Handling rubbish aboard yachts when cruising with the owner or with charterers can be something of a headache, particularly when you’re exploring a remote coastline, undertaking longer passages or heading into the wilds off the beaten track. Various solutions exists, from waste compactors to refrigerated garbage lockers where full bin bags can be stored until a suitable off-loading point is reached, but even then the rapid accumulation of waste can pose significant logistical and hygienic problems.

Enter the Marinaut system, a compact vacuum device that seals garbage bags while reducing their volume by up to 50 per cent. Originally developed by German company Theocare to bring a solution to the care home industry – where rubbish disposal is charged by volume rather than weight – the Marinaut presents an interesting proposition to yachts of all sizes looking to better manage their own garbage processing and storage. “In the care home sector, if you can make the garbage bag smaller you pay less,” says David Gates, managing director of Complete Yacht Solutions which is representing Theocare in the superyacht market. “Also they want the bags to extrude no smell – those two benefits are highly applicable to yachts.”

The system is very straightforward – the small Marinaut vacuum and filter unit is hung on brackets mounted on a wall or bulkhead, and the twin-film, double-sealed garbage bag is clipped into the unit for vacuum air extraction. A specially developed filter contained within the master unit ensures that only clean, non-odorous air is expelled. Further, the device requires no classification society type approval, meaning adding it to the yacht’s arsenal of equipment is straightforward.

“I think this product will resonate with crew because it’s very compact, it’s very quiet in operation, it shrinks the bags by approximately 50 per cent and it withholds any smells,” Gates states. “It’s a very clever product – I took it to show some German shipyards recently and they were wowed by it, because it’s not like a compactor that sits underneath the crew mess that takes up lots of space and has to be integrated into the vessel.
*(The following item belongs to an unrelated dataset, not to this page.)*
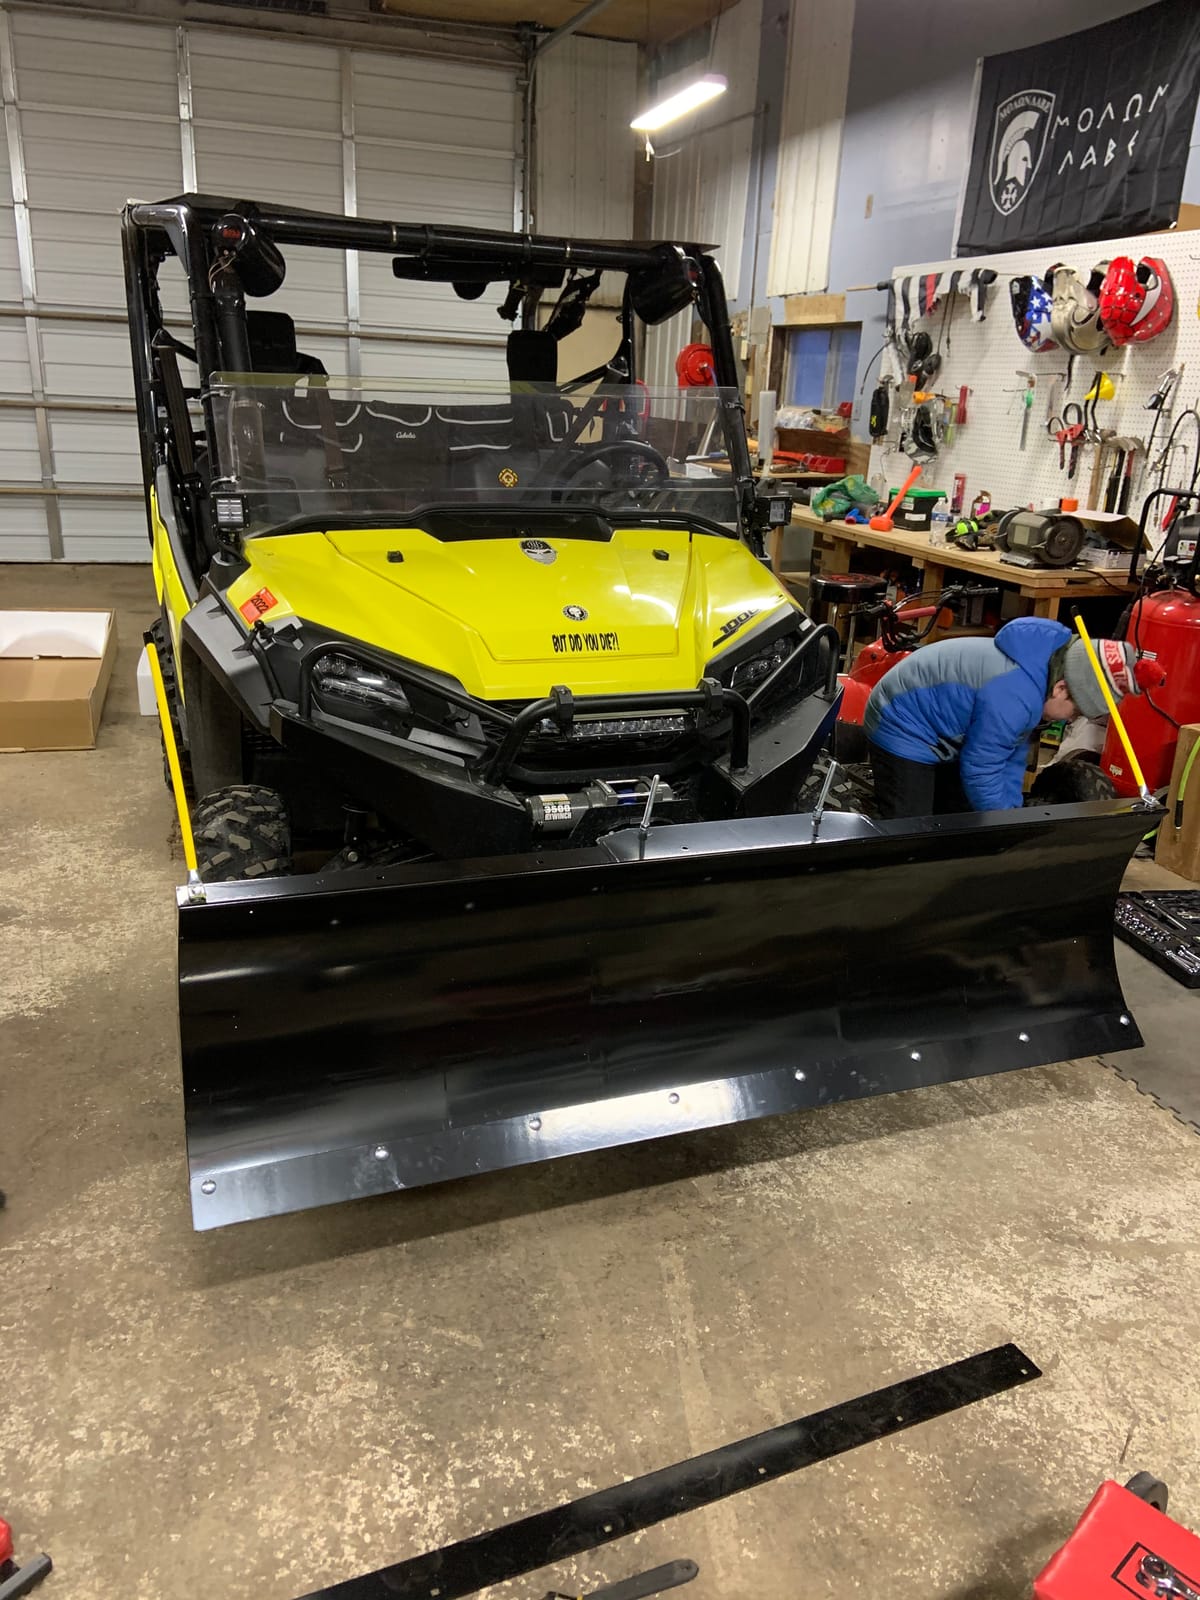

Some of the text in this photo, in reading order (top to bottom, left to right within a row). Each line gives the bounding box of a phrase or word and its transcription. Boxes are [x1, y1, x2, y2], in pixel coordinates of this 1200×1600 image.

[250, 594, 269, 614] 2022
[552, 631, 620, 653] BUT DID YOU DIE?!
[544, 804, 570, 814] 3500
One of the limitations on boats is space, and we’ve just sold one to a large refit project in Hong Kong – they store it in a locker, and when they need to use it they bring it out and hang it on its bracket, only using it when the bags start to pile up.”

Gates also cites another recent installation in a project in New Zealand where the only space for the hanging brackets was high up on a bulkhead. “They asked Theocare to move the control panel – which sits on top of the machine – down to the foot of the machine so they could operate it while it was on the wall,” he says. “While they won’t do anything crazy, Theocare will do anything in their power to meet the client’s or the yacht’s needs. It’s a key factor for me because each boat’s requirements are so different.” Gates says that several yachts have already bought Marinaut units, and he is talking to various yachts from 40m to 100m+ about installing one on board.

The Marinaut is supplied with approximately a year’s worth of the special double-layered bags, which can be supplemented through Complete Superyacht Solutions when stock runs low or which can be sourced direct by the crew. Normal garbage bags can also be used, although they are more prone to puncture and therefore re-inflation. The Marinaut costs approximately €9,600 including shipping and the year's supply of bags, and installation is a straightforward process on board. If you’d like to take a closer look at the machine in action, Gates will be demonstrating the Marinaut unit at the MYBA Charter Show in Barcelona from 24 to 27 April 2017.